- What you have to do -
Below are records. Transcribe exactly the lines from the one that contains "this 1900×1069 image." through the last line, leaving any pictures out.

*** The data

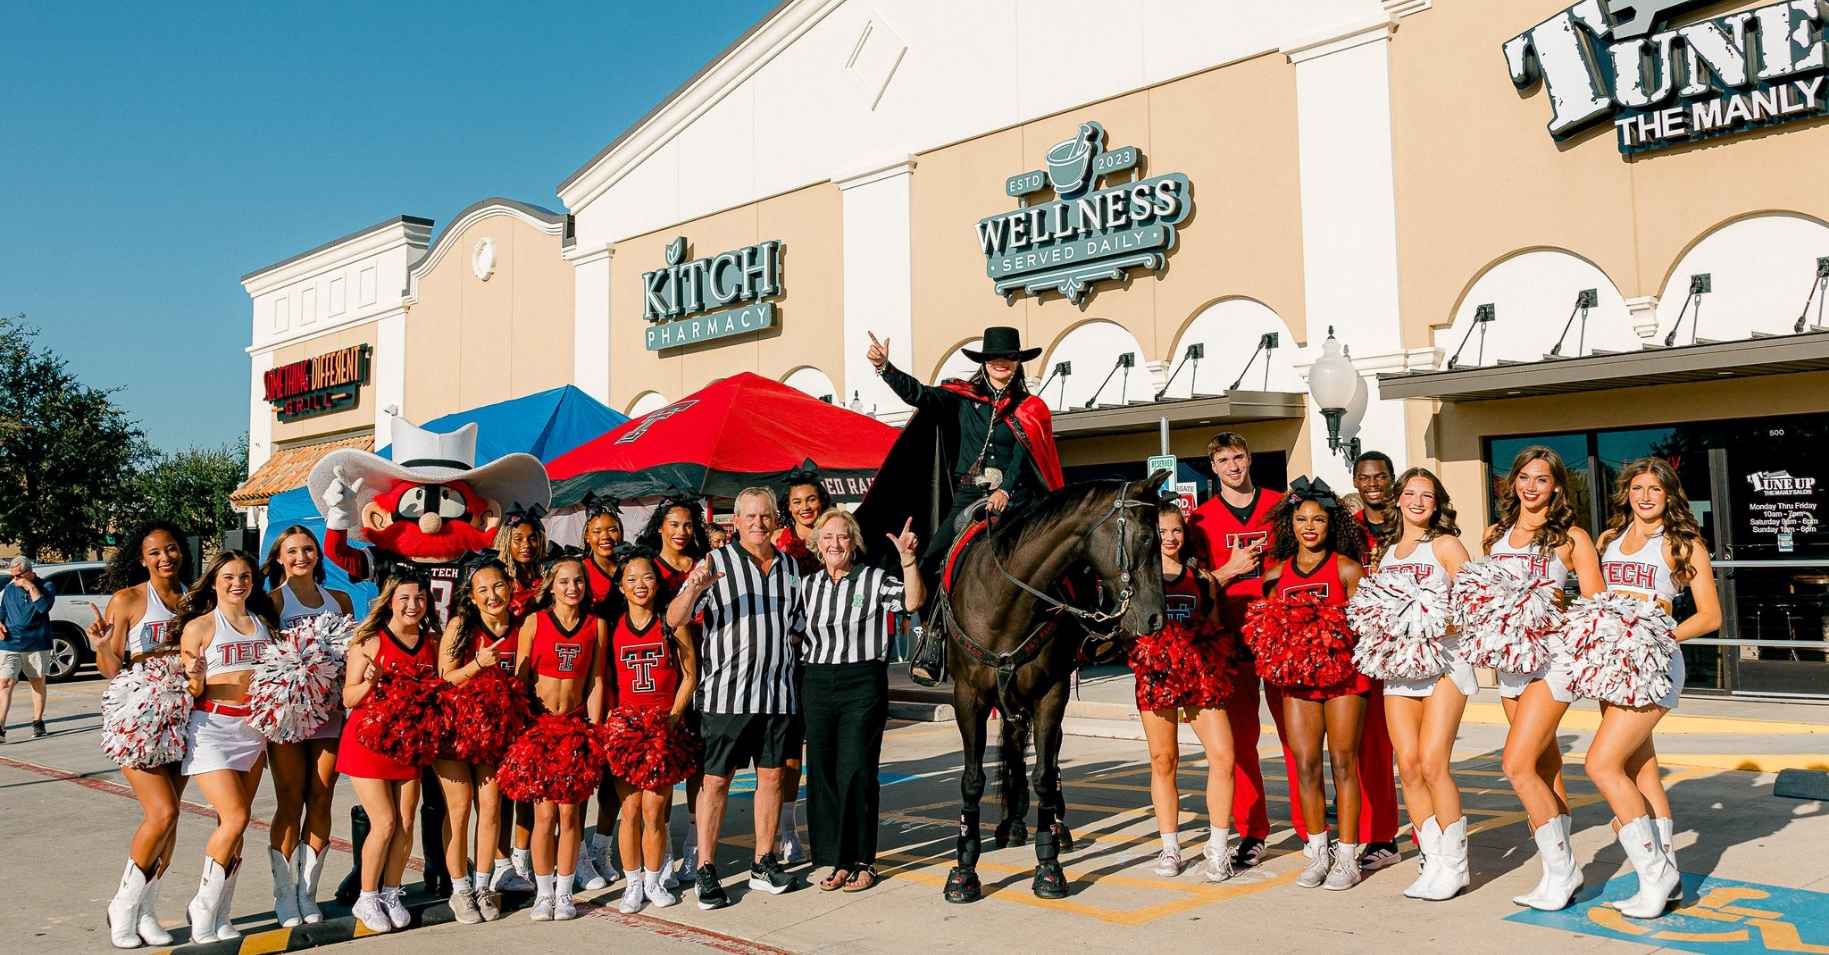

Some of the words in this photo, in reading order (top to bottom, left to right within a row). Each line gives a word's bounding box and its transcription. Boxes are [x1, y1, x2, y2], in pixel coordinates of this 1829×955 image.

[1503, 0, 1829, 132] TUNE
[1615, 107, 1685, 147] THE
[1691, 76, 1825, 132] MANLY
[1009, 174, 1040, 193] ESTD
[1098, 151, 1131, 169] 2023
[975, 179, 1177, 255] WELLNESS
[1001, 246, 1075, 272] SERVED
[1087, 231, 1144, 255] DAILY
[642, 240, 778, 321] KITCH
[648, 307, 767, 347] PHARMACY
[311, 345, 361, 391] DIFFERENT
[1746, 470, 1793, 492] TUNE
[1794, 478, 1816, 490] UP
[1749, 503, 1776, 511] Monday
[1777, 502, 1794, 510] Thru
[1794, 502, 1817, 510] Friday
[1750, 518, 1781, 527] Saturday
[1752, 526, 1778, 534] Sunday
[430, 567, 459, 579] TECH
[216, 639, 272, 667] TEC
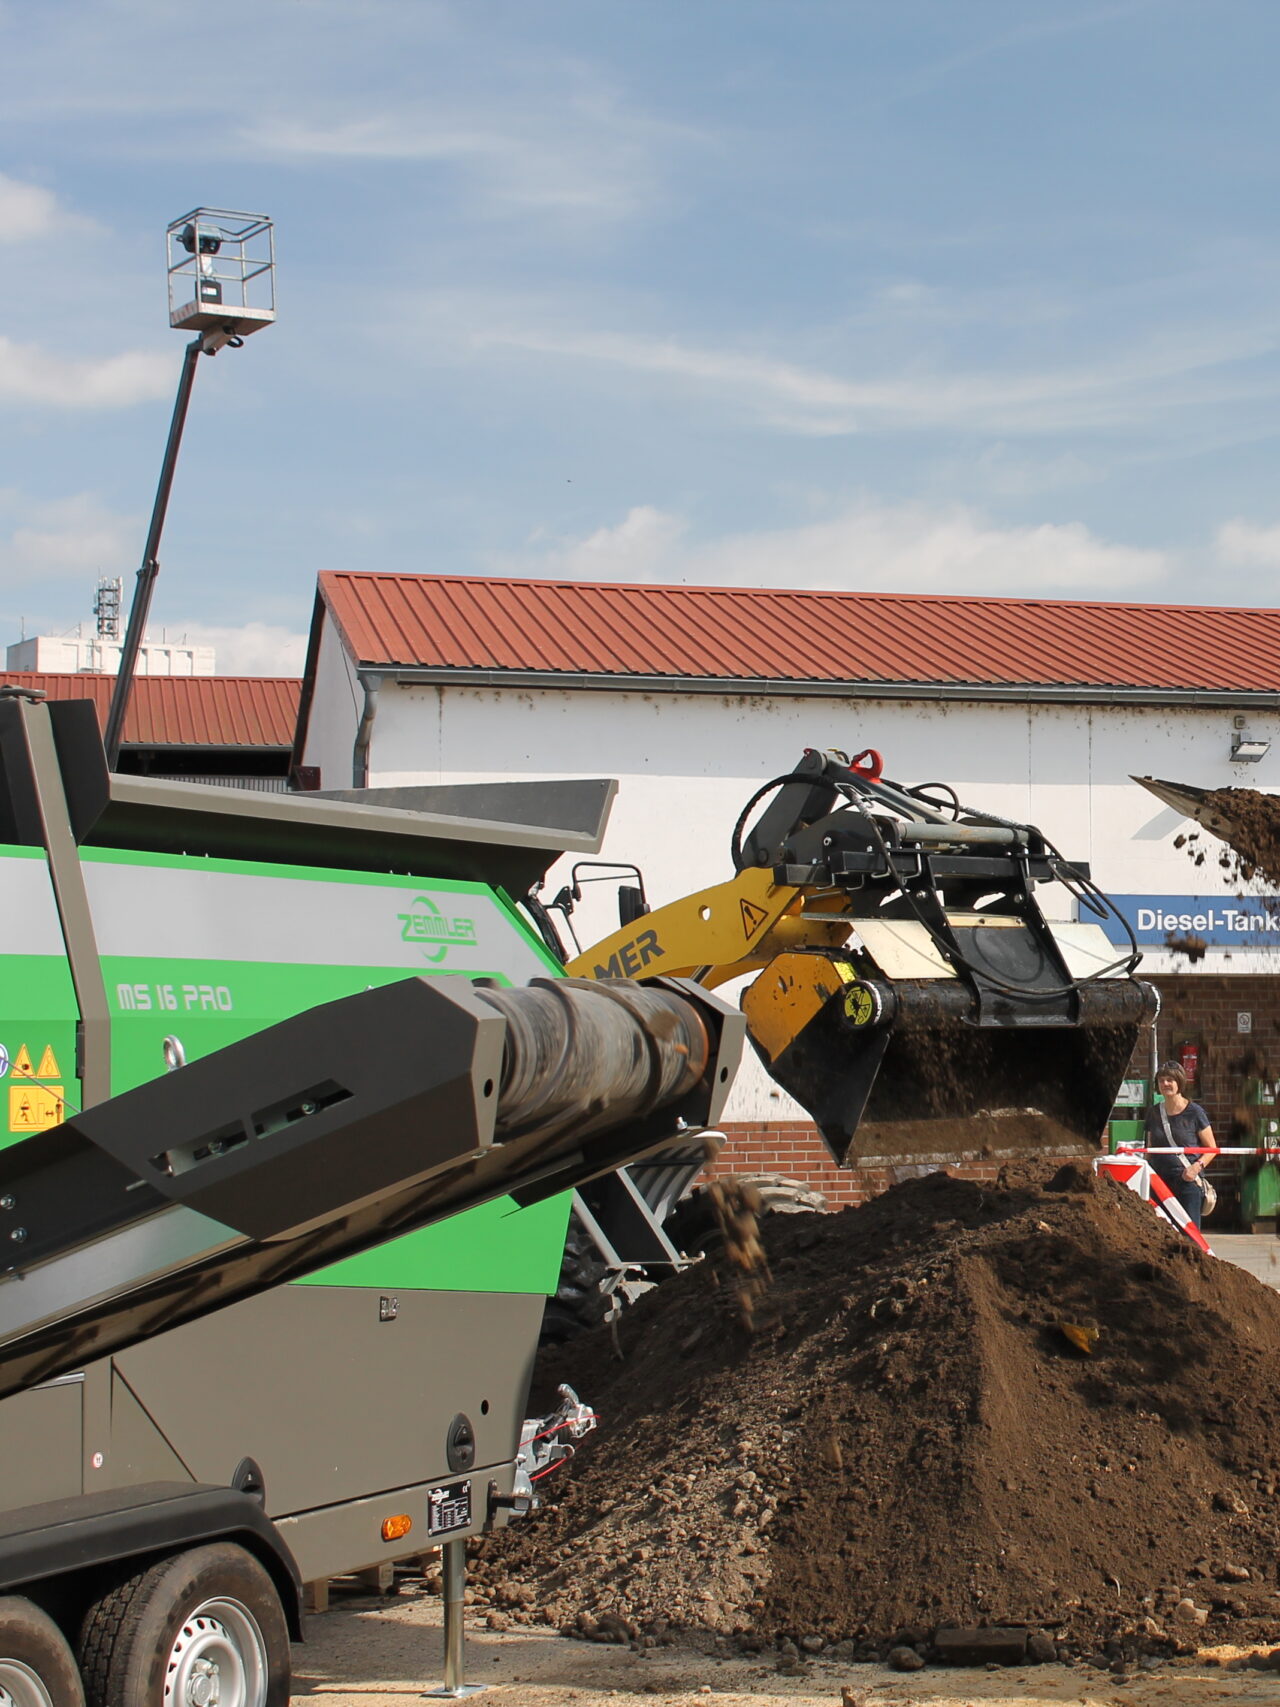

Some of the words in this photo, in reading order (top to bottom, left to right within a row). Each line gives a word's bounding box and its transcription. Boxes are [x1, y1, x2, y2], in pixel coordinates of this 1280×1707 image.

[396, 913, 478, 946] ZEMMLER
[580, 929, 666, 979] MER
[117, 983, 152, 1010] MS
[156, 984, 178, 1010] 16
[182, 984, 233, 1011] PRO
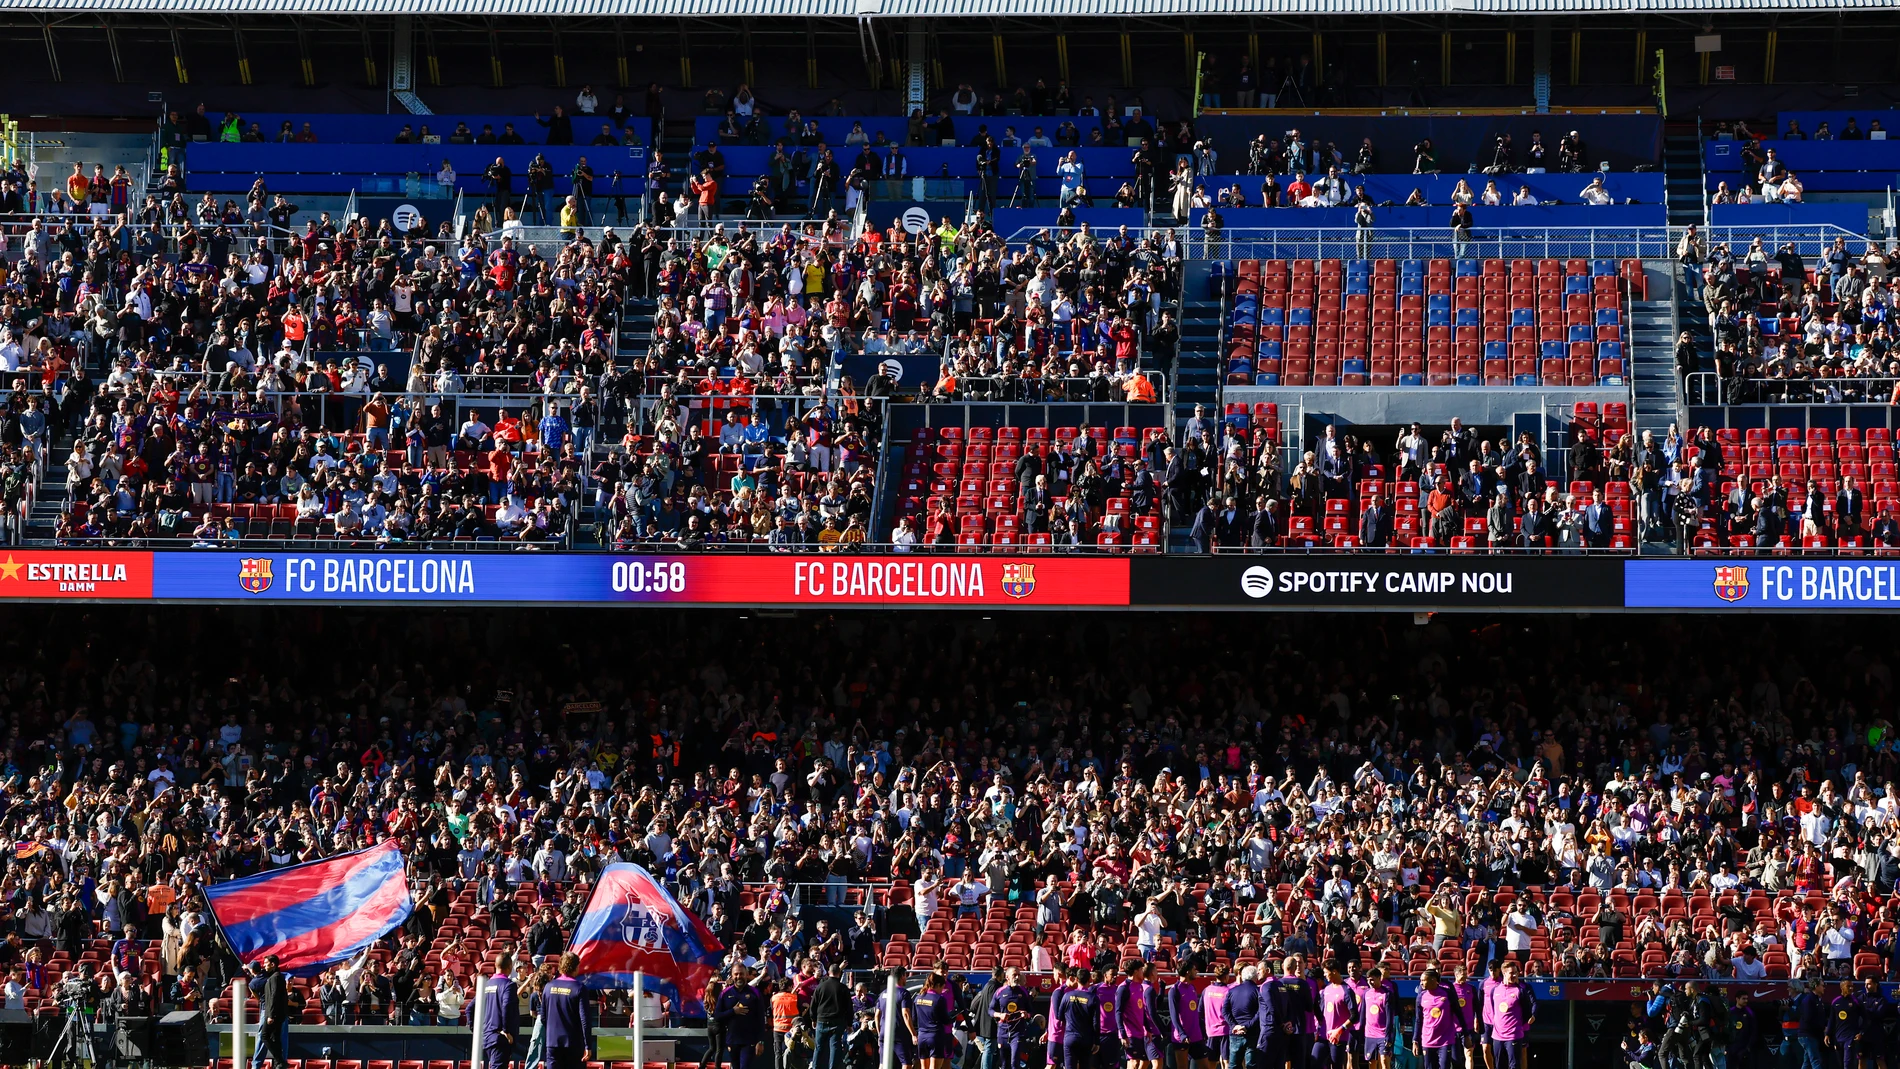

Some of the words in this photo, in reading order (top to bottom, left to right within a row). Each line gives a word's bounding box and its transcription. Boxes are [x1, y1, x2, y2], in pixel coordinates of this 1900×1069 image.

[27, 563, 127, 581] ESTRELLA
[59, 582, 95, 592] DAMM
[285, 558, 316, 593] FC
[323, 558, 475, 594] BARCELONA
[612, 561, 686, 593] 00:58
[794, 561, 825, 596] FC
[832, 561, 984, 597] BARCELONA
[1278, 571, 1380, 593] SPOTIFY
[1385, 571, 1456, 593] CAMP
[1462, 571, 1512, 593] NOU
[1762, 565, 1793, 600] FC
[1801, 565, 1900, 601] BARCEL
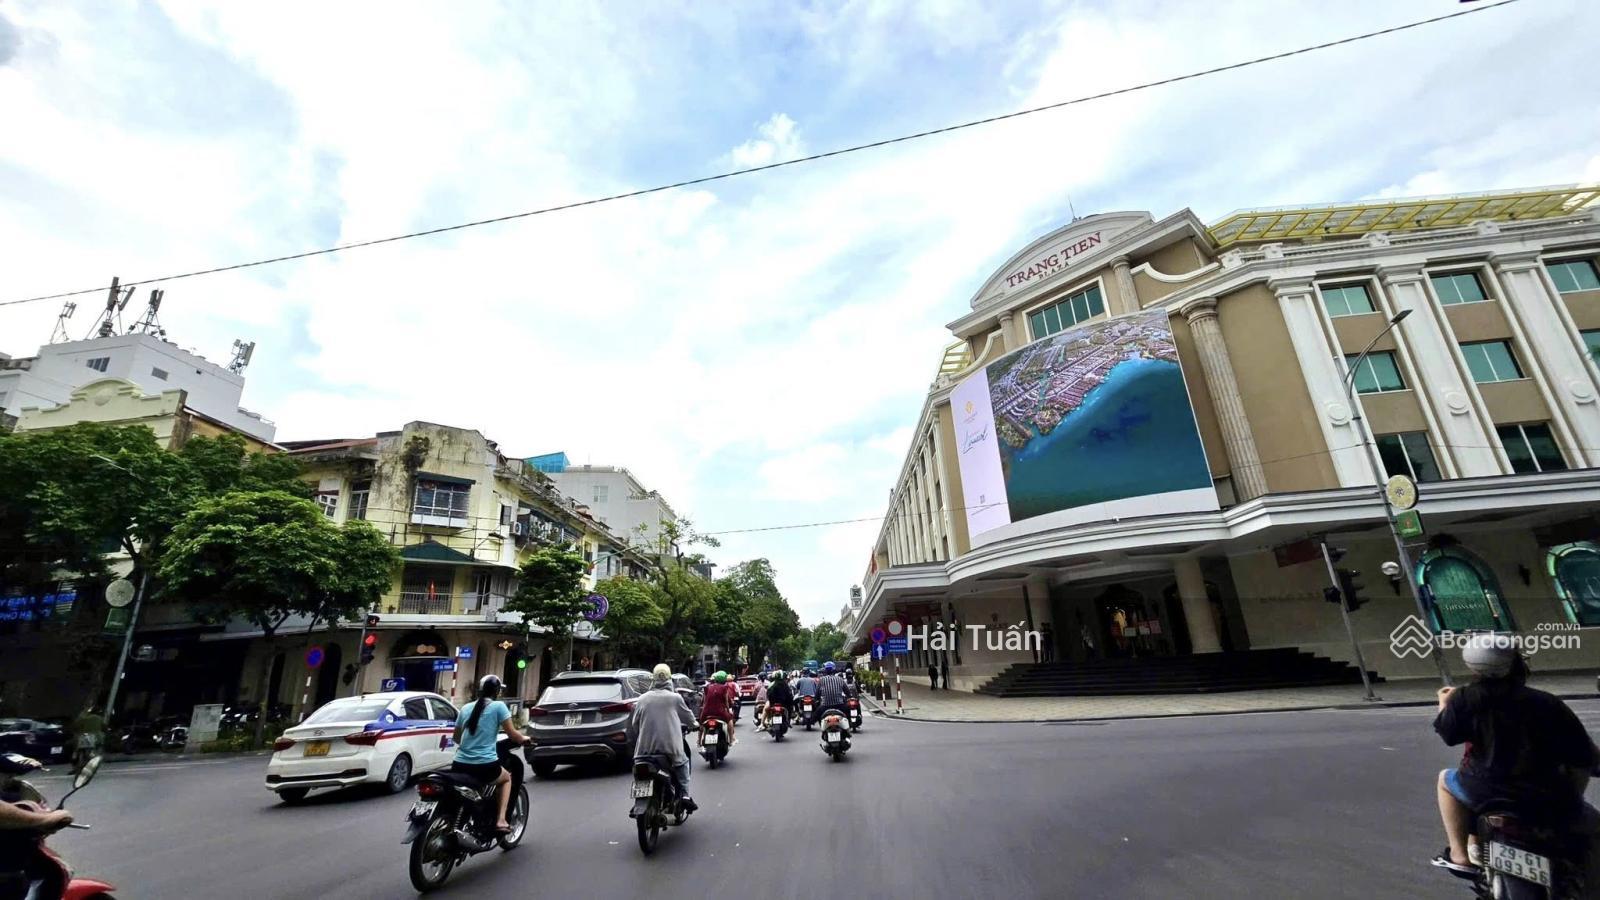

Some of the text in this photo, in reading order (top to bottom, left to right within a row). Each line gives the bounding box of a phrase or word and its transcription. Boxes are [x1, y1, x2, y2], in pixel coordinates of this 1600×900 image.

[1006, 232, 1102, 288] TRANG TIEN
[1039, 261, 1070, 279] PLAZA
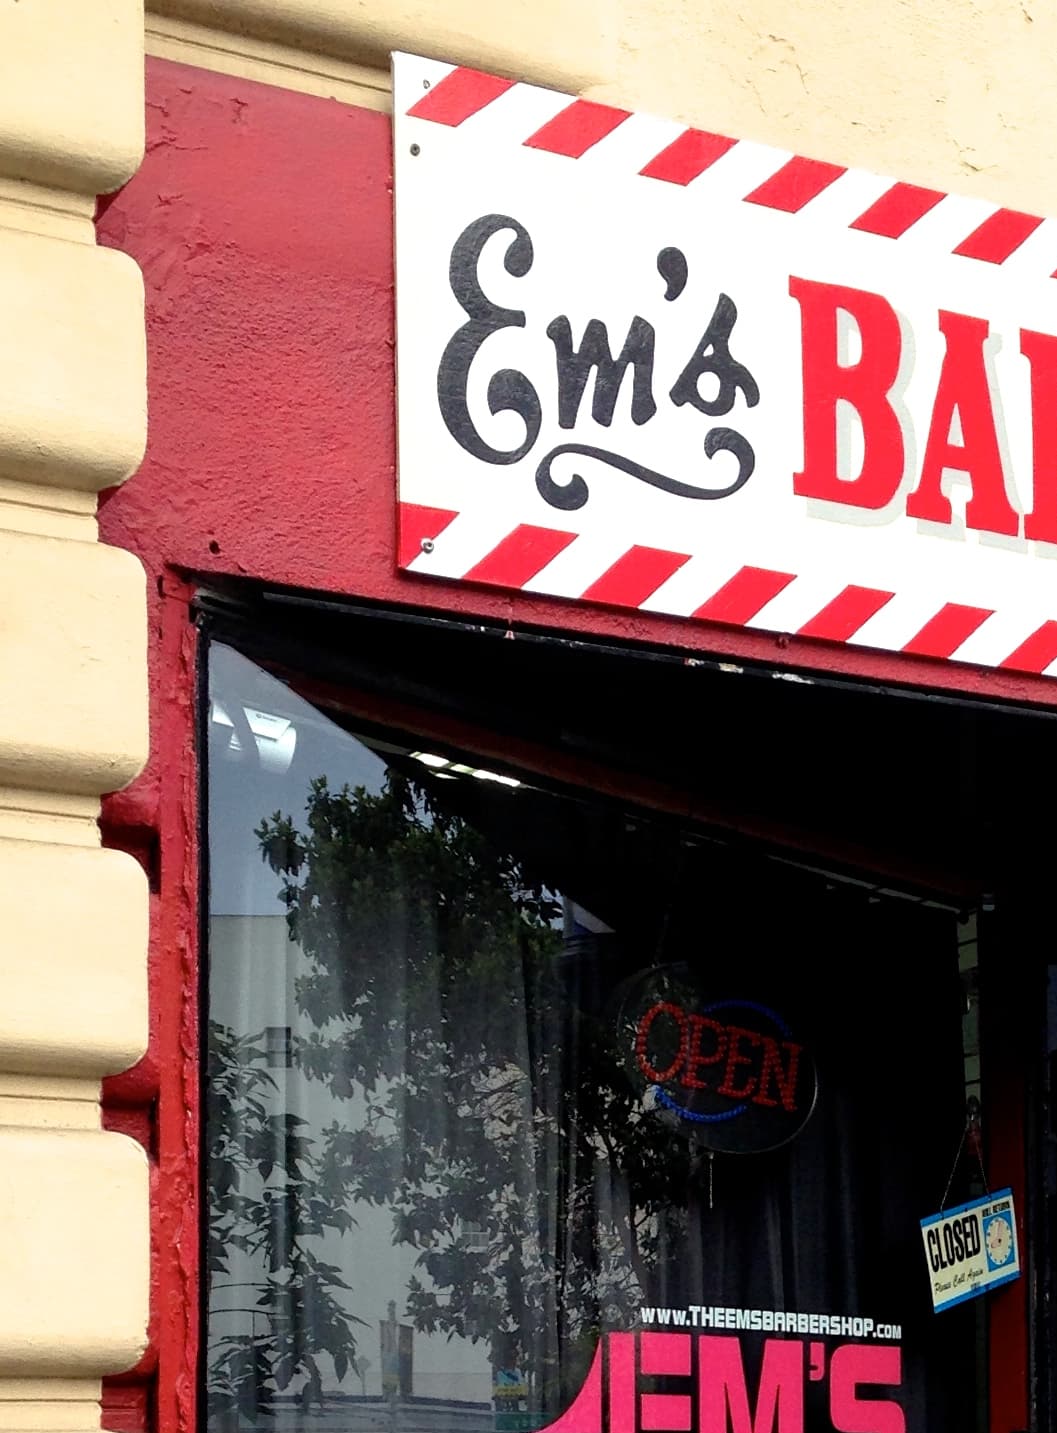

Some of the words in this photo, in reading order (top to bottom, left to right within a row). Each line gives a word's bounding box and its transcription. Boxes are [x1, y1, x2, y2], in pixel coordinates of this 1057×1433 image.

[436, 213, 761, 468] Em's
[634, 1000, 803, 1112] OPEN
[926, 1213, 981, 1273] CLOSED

******

- Task output -
Some of the words in this photo, in reading order (top to bottom, left to right within a row). Each line gives a word's bounding box and its transcription. Boxes are [x1, y1, x2, y2], in pixel coordinates of this 1900×1069 image.

[27, 563, 127, 581] ESTRELLA
[59, 582, 95, 592] DAMM
[285, 558, 316, 593] FC
[323, 558, 475, 594] BARCELONA
[612, 561, 686, 593] 00:58
[794, 561, 825, 596] FC
[832, 561, 984, 597] BARCELONA
[1278, 571, 1380, 593] SPOTIFY
[1385, 571, 1456, 593] CAMP
[1462, 571, 1512, 593] NOU
[1762, 565, 1793, 600] FC
[1801, 565, 1900, 601] BARCEL

Some of the text in this photo, in reading order (top to bottom, left to right within a row). Each line gives the bounding box of a phrase or word and its transcription. Boxes are [x1, y1, x2, y2], in pixel coordinates of this 1600×900 image.

[1006, 232, 1102, 288] TRANG TIEN
[1039, 261, 1070, 279] PLAZA

Some of the words in this photo, in reading order (top to bottom, left to right within a row). Each line gives a word's bounding box and its transcription. Boxes are [x1, y1, x2, y2], in pixel coordinates of this 1057×1433 image.

[436, 213, 761, 468] Em's
[634, 1000, 803, 1112] OPEN
[926, 1213, 981, 1273] CLOSED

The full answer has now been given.